In a recent paper published in Spine, researchers looked to try and correlate MRI findings and the severity of pain related to lumbar spinal stenosis.


What is Lumbar Spinal Stenosis?

This is a narrowing condition of the spinal canal. It is often related to degeneration which causes an encroachment to the delicate spinal nerves traveling up and down the spine. This can be due to an over growth of bony spurs from the facets because of the disc height loss, or it can be due to the thickening and folding of the ligamentum flavum. Other factors like osteophytes, disc bulge and/or a congenital narrowing can also contribute. To get a birds eye view of the condition, you can view this degenerative lumbar spinal stenosis model I have crafted below for Dynamic Disc Designs Corp.

Lumbar Spinal Stenosis, Model, MRI, Ligamentum Flavum, Facet. Narrowed spinal canal

Lumbar Spinal Stenosis Model

To get a better dynamic look at stenosis, below is a video that shows how bending the spine model backwards will narrow the spinal canal. This is often reported as a symptom in those that suffer from leg(s) and back pain with prolonged walking. Patients often report they can only walk a certain distance and then have to sit down ‘to rest their legs’. Sitting and bending the spine forward opens the spinal canal which can be seen in the model video.
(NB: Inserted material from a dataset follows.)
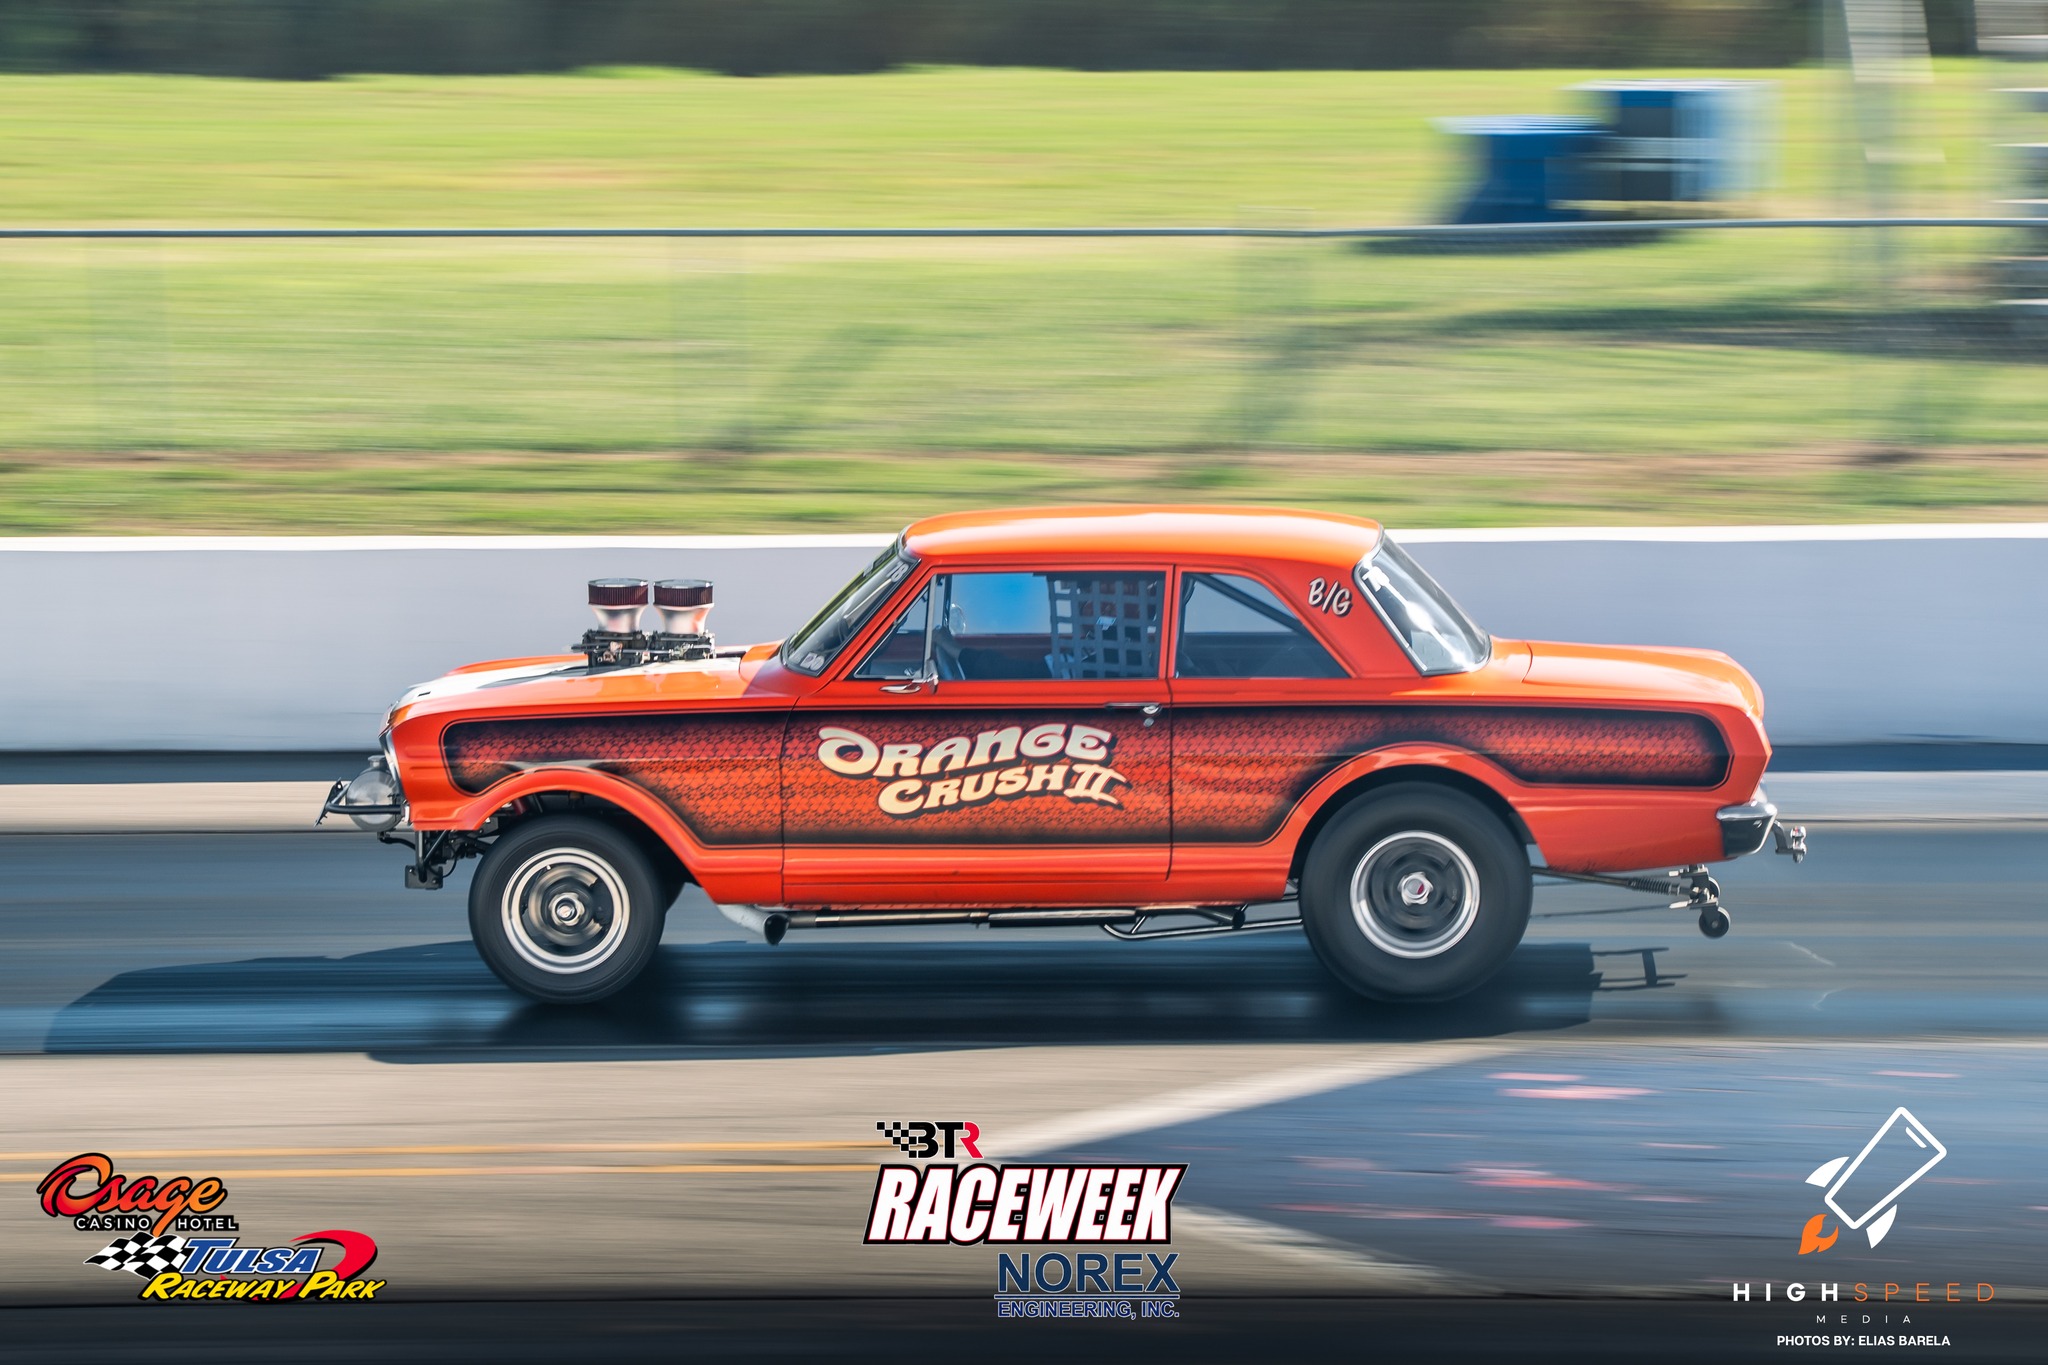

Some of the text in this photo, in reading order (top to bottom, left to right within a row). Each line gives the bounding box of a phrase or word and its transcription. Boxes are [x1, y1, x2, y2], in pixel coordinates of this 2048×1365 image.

[1308, 577, 1352, 616] B/G
[818, 723, 1112, 777] ORANGE
[878, 763, 1129, 815] CRUSH II
Lumbar Spinal Stenosis Research and MRI

In the paper noted above, researchers performed a literature search to correlate MRI findings and the related severity of a patient’s stenosis symptoms. They concluded that no solid correlation could be found between MRI results and the associated symptoms of lumbar spinal stenosis. However, they also stated that lumbar spinal stenosis is a dynamic and often vertical experience for patients with lumbar spinal stenosis and talked about how the there ” is a need for innovative “methods/techniques” to learn more about the causal relationship between radiological findings and the patients’ pain-related complaints

If you look carefully at the research, the MRI parameters they used were recumbent MRI parameters. In other words, lying down MRI imaging.

Would it not make more sense to image the spine in its symptomatic position when the patient is upright?

The advent of upright MRI as an imaging technology helps us be better at specifying upright pain generators. Lucky for me, we have an upright MRI in British Columbia that can help target a specific diagnosis for my patients for those that exhibit problems when vertical.